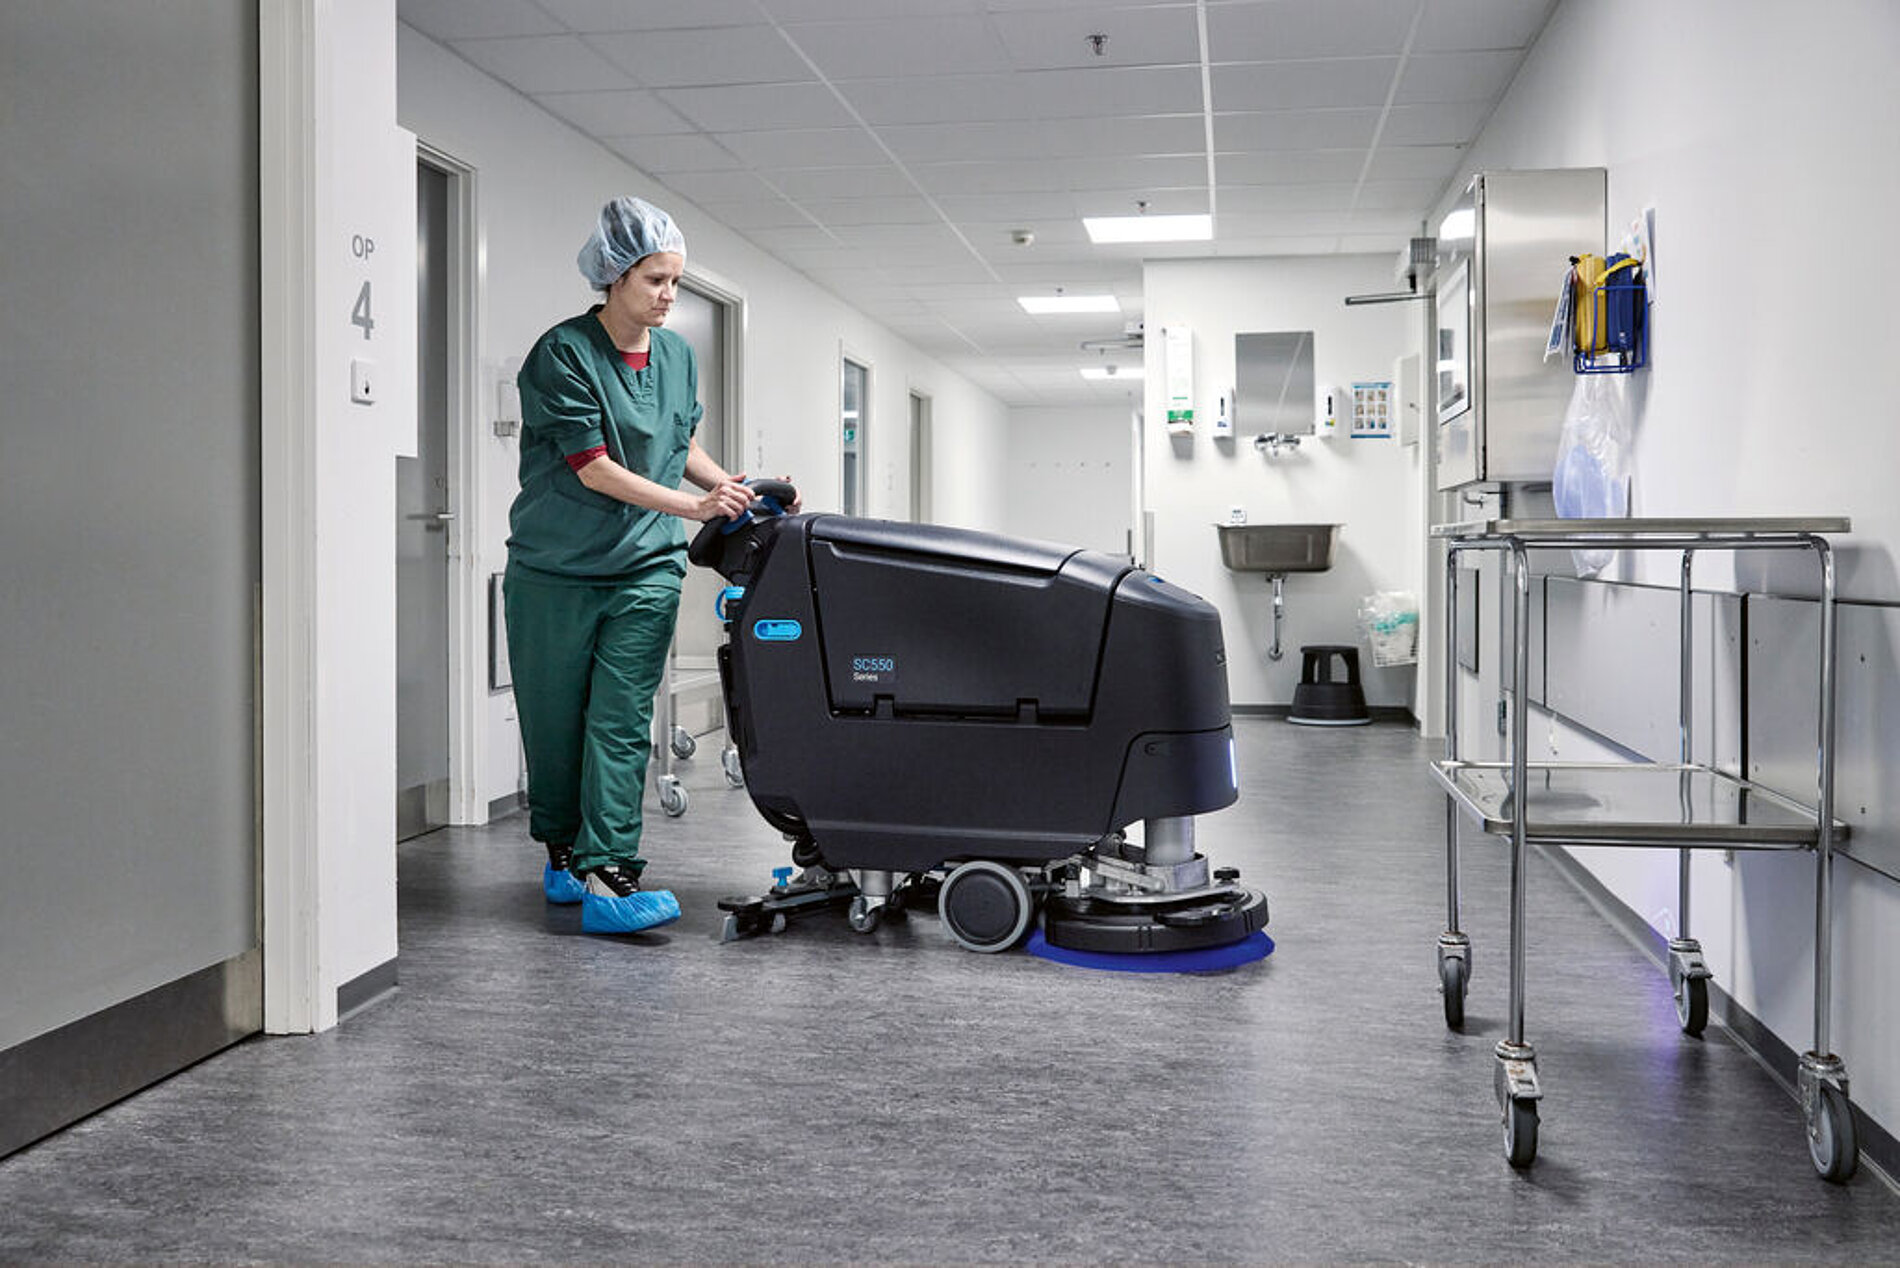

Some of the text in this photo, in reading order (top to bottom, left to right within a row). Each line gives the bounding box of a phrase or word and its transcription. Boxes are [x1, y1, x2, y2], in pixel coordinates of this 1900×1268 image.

[352, 234, 375, 260] OP
[351, 281, 374, 340] 4
[853, 658, 894, 671] SC550
[853, 671, 879, 682] Series

## Your objective
Reproduce the records in full and leave the images behind.

## Response
Some of the text in this photo, in reading order (top to bottom, left to right within a row). Each line gives the bounding box of a phrase or word and its transcription. Boxes are [x1, y1, x2, y2], in pixel coordinates of this 1900×1268 image.

[352, 234, 375, 260] OP
[351, 281, 374, 340] 4
[853, 658, 894, 671] SC550
[853, 671, 879, 682] Series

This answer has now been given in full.